40:7 Ni sacrificio ni oblación querías, pero el oído me has abierto; no pedías holocaustos ni víctimas,
40:8 dije entonces: Heme aquí, que vengo. Se me ha prescrito en el rollo del libro
40:9 hacer tu voluntad. Oh Dios mío, en tu ley me complazco en el fondo de mi ser.
40:10 He publicado la justicia en la gran asamblea; mira, no he contenido mis labios, tú lo sabes, Yahvé.
40:11 No he escondido tu justicia en el fondo de mi corazón, he proclamado tu lealtad, tu salvación, ne he ocultado tu amor y tu verdad a la gran asamblea.
40:12 Y tú, Yahvé, no contengas tus ternuras para mí. Que tu amor y tu verdad incesantes me guarden.
40:13 Pues desdichas me envuelven en número incontable. Mis culpas me dan caza, y no puedo ya ver; más numerosas son que los cabellos de mi cabeza, y el corazón me desampara.

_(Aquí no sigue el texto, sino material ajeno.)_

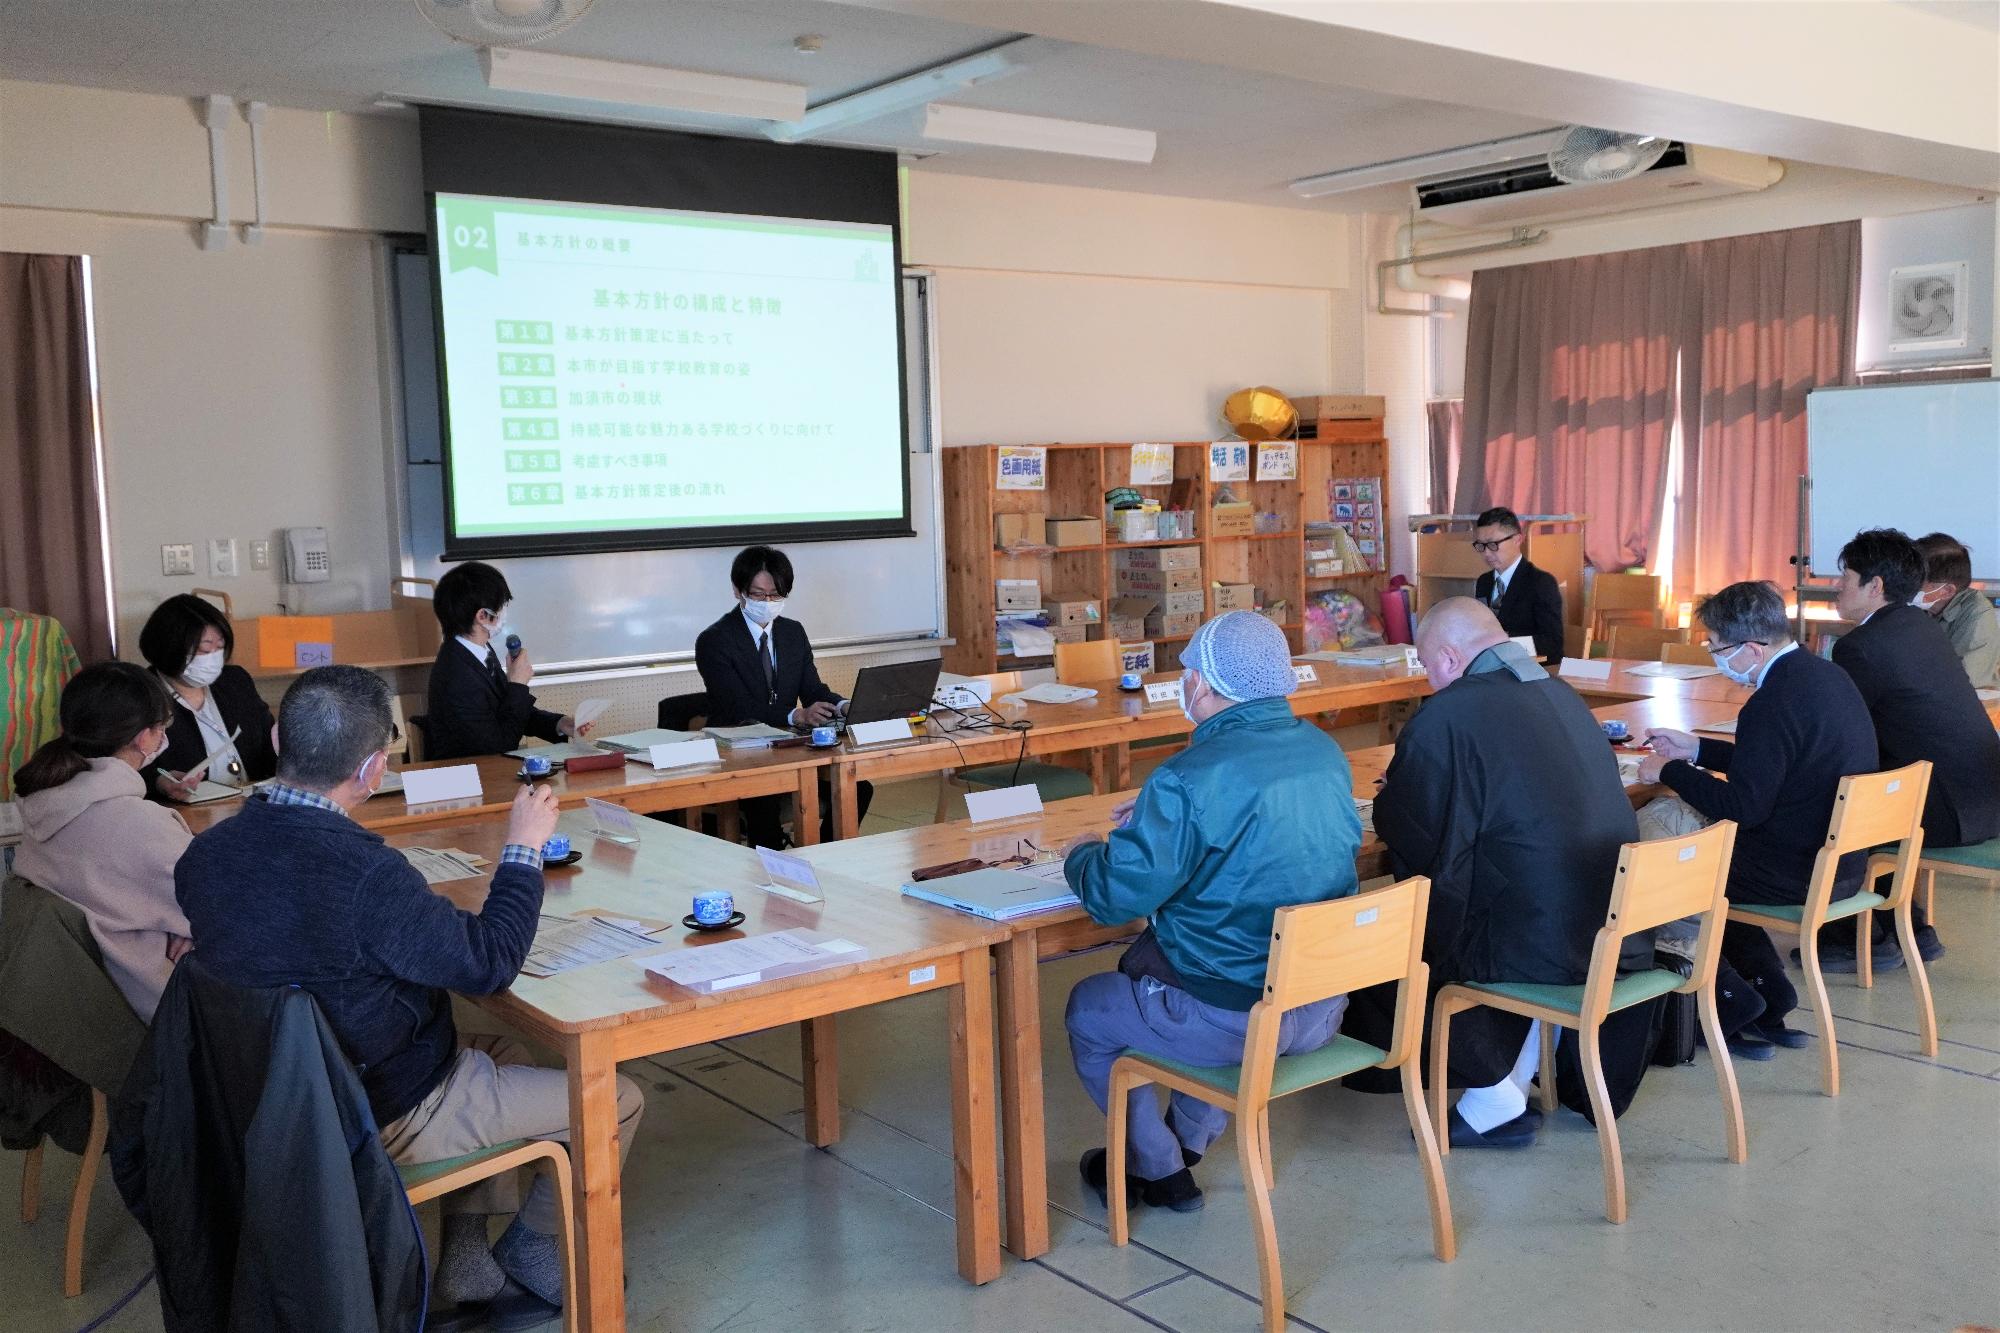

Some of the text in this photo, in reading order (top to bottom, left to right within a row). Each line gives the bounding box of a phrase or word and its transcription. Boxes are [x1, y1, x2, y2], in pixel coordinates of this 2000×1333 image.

[454, 225, 489, 249] 02
[517, 231, 632, 253] 基本方針の概要
[593, 288, 783, 316] 基本方針の構成と特徴
[499, 323, 735, 345] 第1章 基本方針策定に当たって
[501, 355, 751, 377] 第2章 本市が目指す学校教育の姿
[503, 388, 663, 407] 第3章 加須市の現状
[506, 420, 836, 439] 第4章 持続可能な魅力ある学校づくりに向けて
[508, 452, 668, 471] 第5章 考慮すべき事項
[1001, 457, 1042, 476] 色画用紙
[510, 481, 727, 504] 第6章 基本方針策定後の流れ

40:14 ¡Dígnate, oh Yahvé, librarme, Yahvé, corre en mi ayuda!
40:15 ¡Queden avergonzados y confusos todos juntos los que buscan mi vida para cercenarla! ¡Atrás, sean confundidos los que desean mi mal!
40:16 Queden consternados de vergüenza los que dicen contra mí: «¡Ja, Ja!»
40:17 ¡En ti se gocen y se alegren todos los que te buscan! Repitan sin cesar: «¡Grande es Yahvé!», los que aman tu salvación.
40:18 Y yo, pobre soy y desdichado, pero el Señor piensa en mí; tú, mi socorro y mi libertador, oh Dios mío, no tardes.
Segunda Lectura : 1 Co 1, 1-3
1:1 Pablo, llamado a ser apóstol de Cristo Jesús por la voluntad de Dios, y Sóstenes, el hermano,
1:2 a la Iglesia de Dios que está en Corinto: a los santificados en Cristo Jesús, llamados a ser santos, con cuantos en cualquier lugar invocan el nombre de Jesucristo, Señor nuestro, de nosotros y de ellos
1:3 gracia a vosotros y paz de parte de Dios, Padre nuestro, y del Señor Jesucristo.
Evangelio : Jn 1, 29-34
1:29 Al día siguiente ve a Jesús venir hacia él y dice: «He ahí el Cordero de Dios, que quita el pecado del mundo.
1:30 Este es por quien yo dije: Detrás de mí viene un hombre, que se ha puesto delante de mí, porque existía antes que yo.
1:31 Y yo no le conocía, pero he venido a bautizar en agua para que él sea manifestado a Israel».
1:32 Y Juan dio testimonio diciendo: «He visto al Espíritu que bajaba como una paloma del cielo y se quedaba sobre él.
1:33 Y yo no le conocía pero el que me envió a bautizar con agua, me dijo: "Aquel sobre quien veas que baja el Espíritu y se queda sobre él, ése es el que bautiza con Espíritu Santo."
1:34 Y yo le he visto y doy testimonio de que éste es el Elegido de Dios».